Separately, the Federal Statistical Office said the ILO jobless rate stood at 7.4% in February, up from 7.3% in January. A year ago, the jobless rate was 7.6%. The number of unemployed totaled 3.18 million in February, larger than 3.14 million in the previous month.
Meanwhile, the number of persons in employment rose 31,000 or 0.1% annually to 39.81 million in February. Compared to the previous month, the number of the employed dropped 14,000.
Eckart Tuchtfeld, Commerzbank's analyst said unemployment is rising on account of the recession, but the increase so far has been relatively moderate, thanks to widespread adoption of short-time work.

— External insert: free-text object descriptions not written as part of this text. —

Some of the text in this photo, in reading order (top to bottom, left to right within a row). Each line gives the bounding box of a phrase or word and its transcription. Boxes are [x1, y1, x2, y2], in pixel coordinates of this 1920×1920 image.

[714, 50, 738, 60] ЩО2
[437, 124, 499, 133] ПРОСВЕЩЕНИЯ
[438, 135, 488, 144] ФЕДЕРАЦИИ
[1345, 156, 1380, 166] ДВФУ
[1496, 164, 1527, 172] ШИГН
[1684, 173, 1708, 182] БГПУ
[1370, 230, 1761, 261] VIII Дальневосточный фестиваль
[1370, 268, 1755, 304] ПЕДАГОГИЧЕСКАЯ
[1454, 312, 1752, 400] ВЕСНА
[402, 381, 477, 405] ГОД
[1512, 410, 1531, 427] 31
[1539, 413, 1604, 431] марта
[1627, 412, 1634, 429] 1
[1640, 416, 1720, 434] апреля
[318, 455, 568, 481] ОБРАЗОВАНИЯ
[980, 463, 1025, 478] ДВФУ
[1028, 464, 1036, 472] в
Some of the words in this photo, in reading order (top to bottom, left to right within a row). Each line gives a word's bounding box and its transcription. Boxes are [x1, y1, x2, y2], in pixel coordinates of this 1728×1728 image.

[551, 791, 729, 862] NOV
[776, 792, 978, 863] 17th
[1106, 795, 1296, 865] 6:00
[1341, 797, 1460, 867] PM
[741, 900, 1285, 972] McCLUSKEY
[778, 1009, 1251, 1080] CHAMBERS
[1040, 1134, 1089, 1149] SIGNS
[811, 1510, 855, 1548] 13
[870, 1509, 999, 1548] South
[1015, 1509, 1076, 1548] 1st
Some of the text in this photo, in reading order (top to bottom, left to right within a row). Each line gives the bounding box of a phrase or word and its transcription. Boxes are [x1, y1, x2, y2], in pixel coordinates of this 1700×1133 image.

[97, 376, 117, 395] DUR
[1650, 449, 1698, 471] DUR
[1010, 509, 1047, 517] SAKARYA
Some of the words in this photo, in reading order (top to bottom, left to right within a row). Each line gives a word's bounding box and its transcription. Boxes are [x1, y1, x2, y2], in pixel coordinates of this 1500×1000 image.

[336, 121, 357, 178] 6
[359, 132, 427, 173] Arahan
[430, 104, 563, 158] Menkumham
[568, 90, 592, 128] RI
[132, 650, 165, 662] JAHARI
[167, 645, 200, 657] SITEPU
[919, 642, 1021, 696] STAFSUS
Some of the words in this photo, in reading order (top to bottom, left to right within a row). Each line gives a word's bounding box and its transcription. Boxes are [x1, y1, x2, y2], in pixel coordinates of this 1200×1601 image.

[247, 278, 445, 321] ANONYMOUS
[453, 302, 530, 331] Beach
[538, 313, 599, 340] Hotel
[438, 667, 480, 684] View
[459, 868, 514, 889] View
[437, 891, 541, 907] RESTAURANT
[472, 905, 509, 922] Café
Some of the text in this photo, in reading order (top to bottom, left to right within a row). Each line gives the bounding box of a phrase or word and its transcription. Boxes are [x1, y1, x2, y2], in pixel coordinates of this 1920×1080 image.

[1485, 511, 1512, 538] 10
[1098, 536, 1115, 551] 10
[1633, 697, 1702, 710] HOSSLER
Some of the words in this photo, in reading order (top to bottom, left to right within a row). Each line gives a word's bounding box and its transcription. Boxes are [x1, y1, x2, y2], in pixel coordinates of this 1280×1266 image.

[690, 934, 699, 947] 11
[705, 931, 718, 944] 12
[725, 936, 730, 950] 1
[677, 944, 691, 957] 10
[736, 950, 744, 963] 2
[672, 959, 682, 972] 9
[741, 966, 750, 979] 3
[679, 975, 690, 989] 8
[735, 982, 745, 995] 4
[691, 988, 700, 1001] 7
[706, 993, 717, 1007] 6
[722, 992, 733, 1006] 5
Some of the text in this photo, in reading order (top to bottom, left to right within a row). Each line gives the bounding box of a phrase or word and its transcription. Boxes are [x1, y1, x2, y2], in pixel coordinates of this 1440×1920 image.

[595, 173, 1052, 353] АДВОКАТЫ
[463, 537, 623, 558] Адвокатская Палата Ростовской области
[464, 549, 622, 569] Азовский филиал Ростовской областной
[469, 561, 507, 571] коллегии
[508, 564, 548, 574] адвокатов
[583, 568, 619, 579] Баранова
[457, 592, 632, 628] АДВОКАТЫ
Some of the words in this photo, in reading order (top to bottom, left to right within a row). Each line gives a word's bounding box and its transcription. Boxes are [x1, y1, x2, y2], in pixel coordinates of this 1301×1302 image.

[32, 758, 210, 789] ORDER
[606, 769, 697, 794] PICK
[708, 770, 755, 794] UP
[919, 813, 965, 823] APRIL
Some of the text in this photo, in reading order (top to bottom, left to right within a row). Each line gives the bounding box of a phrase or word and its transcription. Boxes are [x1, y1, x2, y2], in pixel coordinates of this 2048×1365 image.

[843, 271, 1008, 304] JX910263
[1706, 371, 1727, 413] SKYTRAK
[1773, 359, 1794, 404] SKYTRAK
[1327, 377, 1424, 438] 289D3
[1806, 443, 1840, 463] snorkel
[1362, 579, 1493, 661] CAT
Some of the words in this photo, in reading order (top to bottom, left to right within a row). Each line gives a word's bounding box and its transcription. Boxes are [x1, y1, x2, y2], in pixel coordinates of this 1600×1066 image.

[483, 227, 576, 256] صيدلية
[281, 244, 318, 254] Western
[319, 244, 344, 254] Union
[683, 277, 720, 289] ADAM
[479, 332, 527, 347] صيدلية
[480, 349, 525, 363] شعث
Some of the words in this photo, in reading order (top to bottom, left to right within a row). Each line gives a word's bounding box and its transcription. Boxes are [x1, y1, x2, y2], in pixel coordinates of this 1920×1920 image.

Economists expect the pace of job losses to quicken considerably and from mid-year at the latest, the economic slump will put much more people out of work. Companies will lay off more staff in the last six months of this year as production and order intake point to a very weak first quarter. By that time, short time work would not be an adequate solution. The Commerzbank sees around 4.2 million unemployed persons by the end of the year.
In its economic outlook, the Organization for Economic Co-operation and Development said the collapse in world trade is depressing growth particularly in Germany. The real GDP is projected to drop around 5% this year, before starting a slow recovery in 2010.
The OECD estimates the jobless rate to rise to almost 12% by end of 2010 as growth converges only slowly towards its potential rate and subsidized short-time work expires. Given the very large increase of unemployment, possibly the new wage agreements will trade off wage increases against job security.